The company also issued 6 crore convertible warrant at an initial
conversion price of Rs.3.10 per Share and paid 10% as
application/allotment money. The warrant holder have an option to
convert these warrants into equity share within a period of 18 month
from the date of allotment i.e. 22nd December 2006 to 21st June 2008,
The total proceeds received from warrant holder Rs. 186 lacs have been
used for import of Machinery.
During the year under review, the warrant holder(s) have not exercised
their option as such, the subscription received from them amounting Rs.
186 lacs has been forfeited with the permission of Board.
20. In the opinion of management, there is no impairment of any of the
fixed Assets of the company in terms of AS-28 Issued by The ICAI.
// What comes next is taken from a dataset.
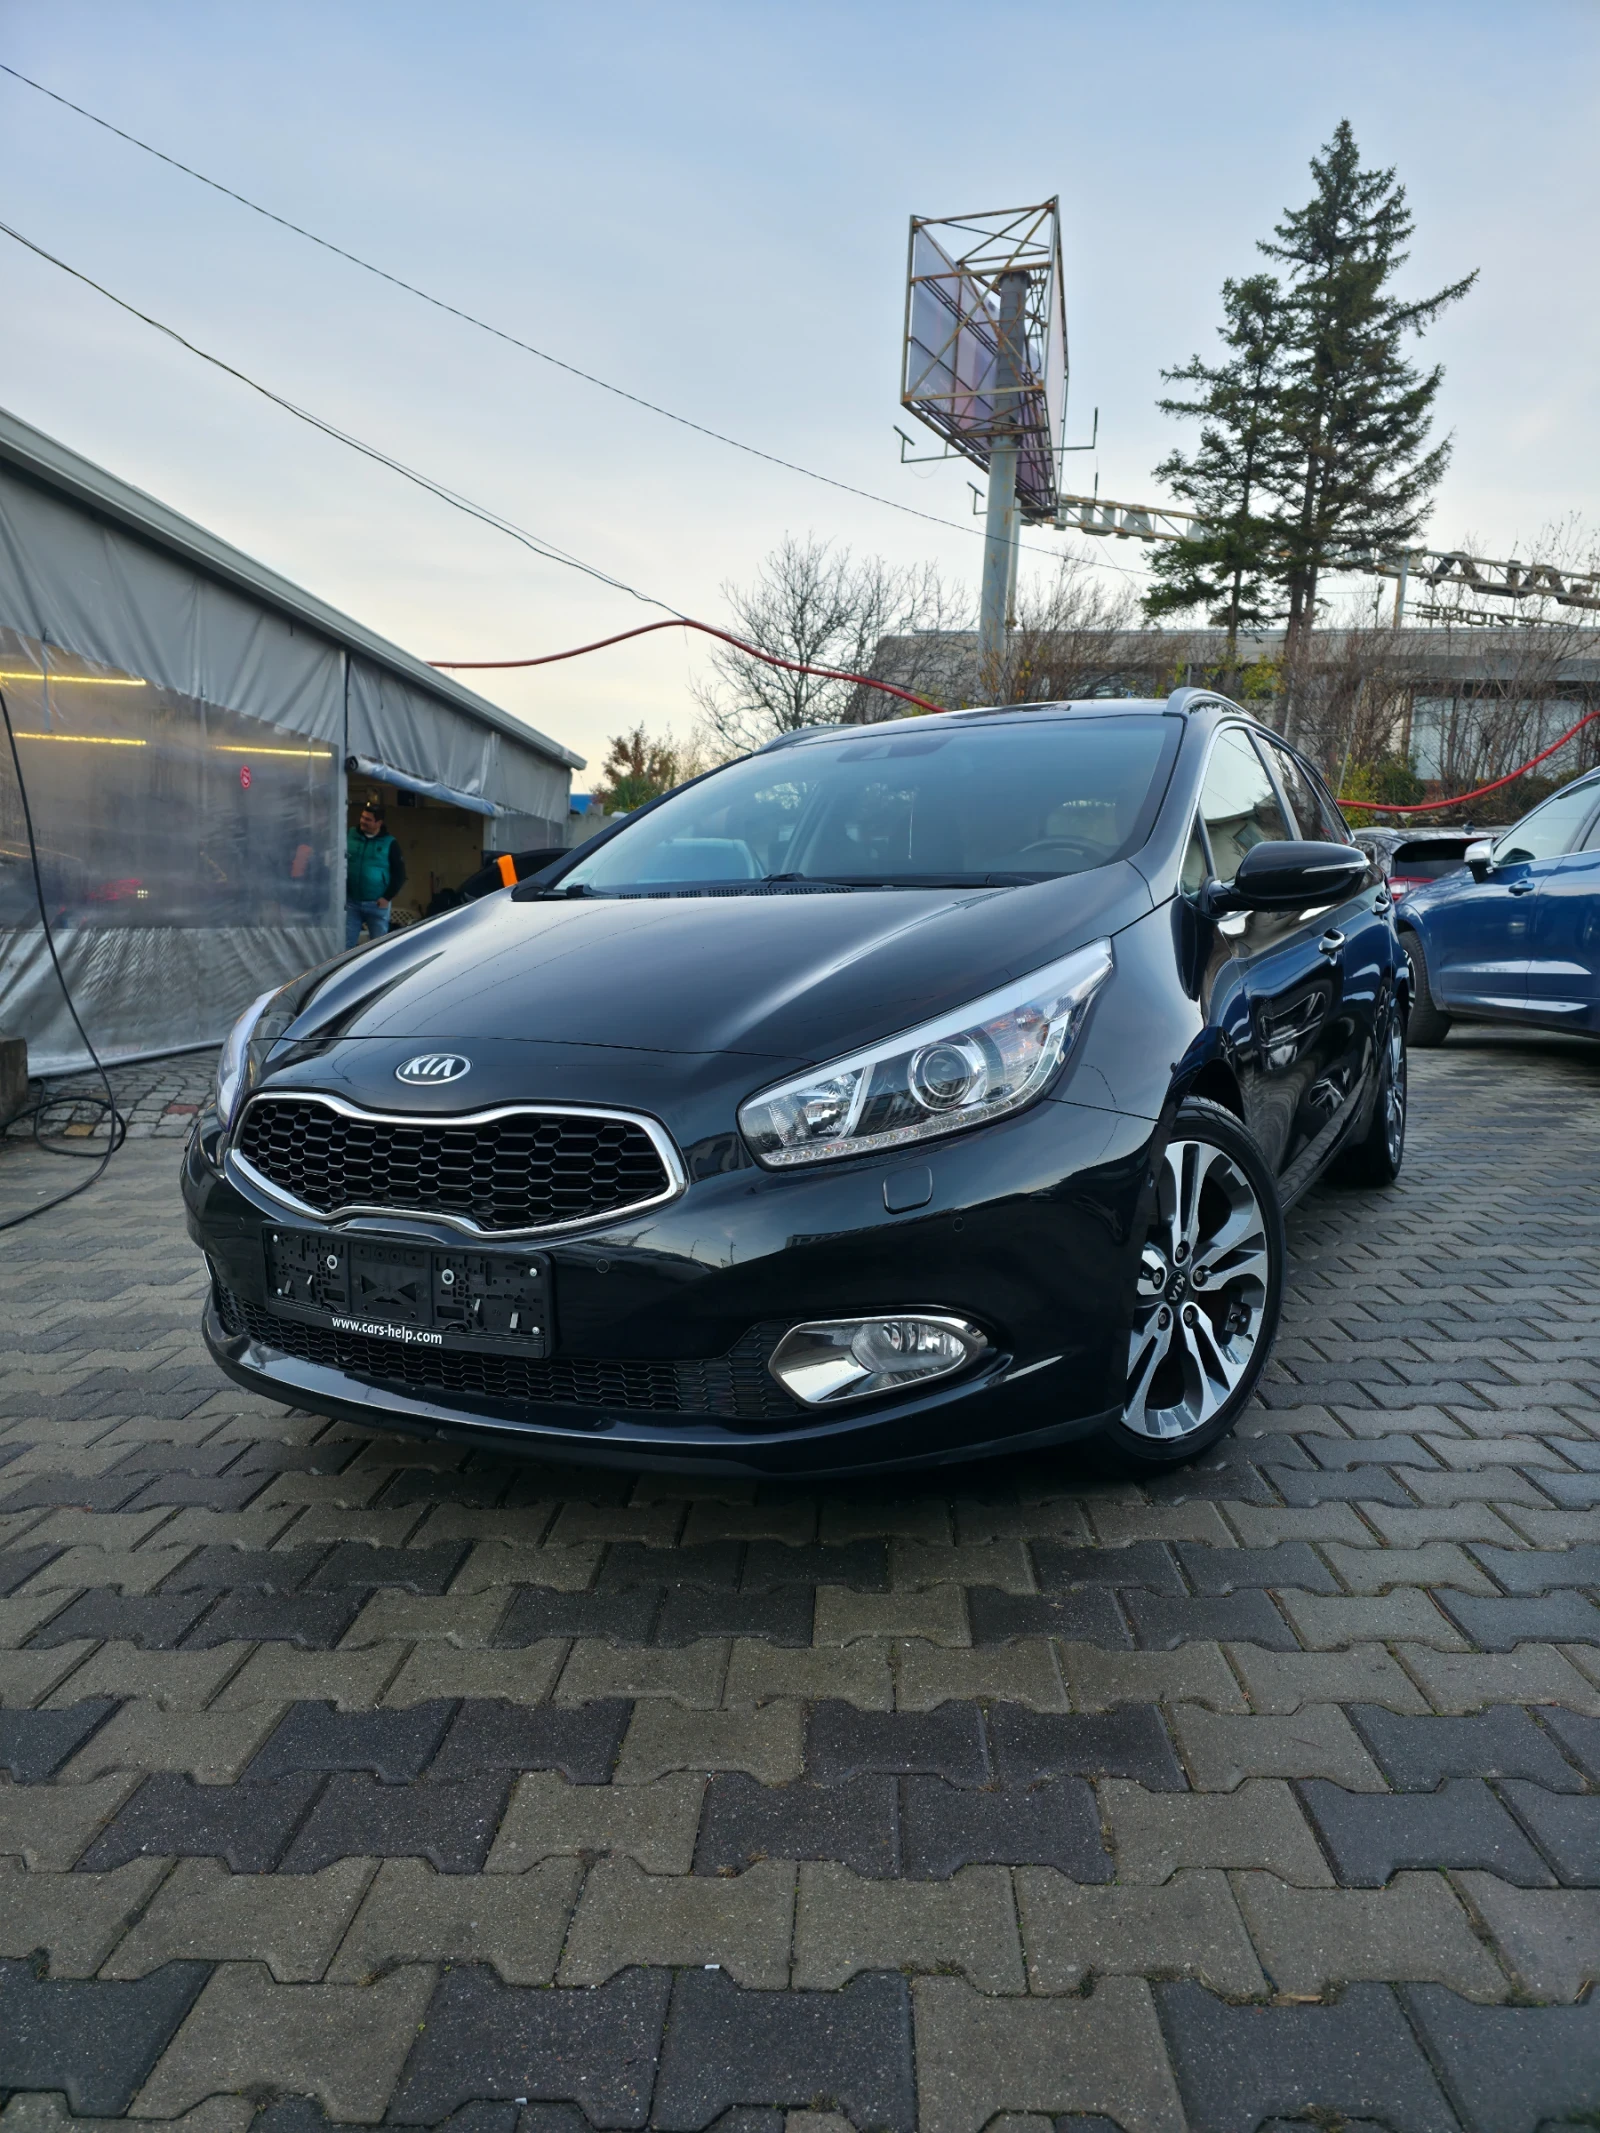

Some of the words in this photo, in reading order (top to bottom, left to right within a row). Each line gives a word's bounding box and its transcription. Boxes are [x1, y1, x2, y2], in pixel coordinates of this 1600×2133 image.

[403, 1057, 456, 1077] KIA
[1168, 1274, 1186, 1301] KIA
[331, 1317, 443, 1345] www.cars-help.com
21. The Sundry Debtors and Loans & Advances which are outstanding for
more than two years according to the aging but no provision for bad
debts and doubtful debts have been provided for because management is
of the view that these amounts are recoverable even if they are
outstanding for more than two years under the aging system.
22. The consumption of consumable stores includes stores used for
repairing of Plant & Machinery etc. items, since the segregation of
such items are not possible.
23. General:
A) Expenses in excess of 1% of total revenue is freight & cartage
included in charges general Rs. 15.87 Lac (Previous Year Rs. 39.36 Lac)
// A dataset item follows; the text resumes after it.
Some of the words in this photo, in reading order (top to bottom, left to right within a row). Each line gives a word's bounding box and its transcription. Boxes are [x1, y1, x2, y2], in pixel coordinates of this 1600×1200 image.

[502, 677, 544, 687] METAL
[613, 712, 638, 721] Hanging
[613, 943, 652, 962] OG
B) Earning on exchange Rate Fluctuation on Cancellation of Forward
Contract has been included in charges General Credit Rs. 1706 (Previous
Year Credit Rs. 1657881/-)
24. Previous year Income and previous year expenses,
unrecovered/unclaimed amounts written of and written back have been
charged to Profit and Loss Account after netting.
25. During the year under review the workers adopted the go slow
tactics and with the result the production suffered and most of the
expenses related to manufacturing exceeded abnormally and could not
meet with the actual norms of consumption being achieved in the past.
26. During the year under review in view of levy of service tax on Job
work undertaken by the company but the department disputed that the
liabilities on work is for excise duty and not service tax, with the
result they raided the factory and impounded the record, which are
still with department.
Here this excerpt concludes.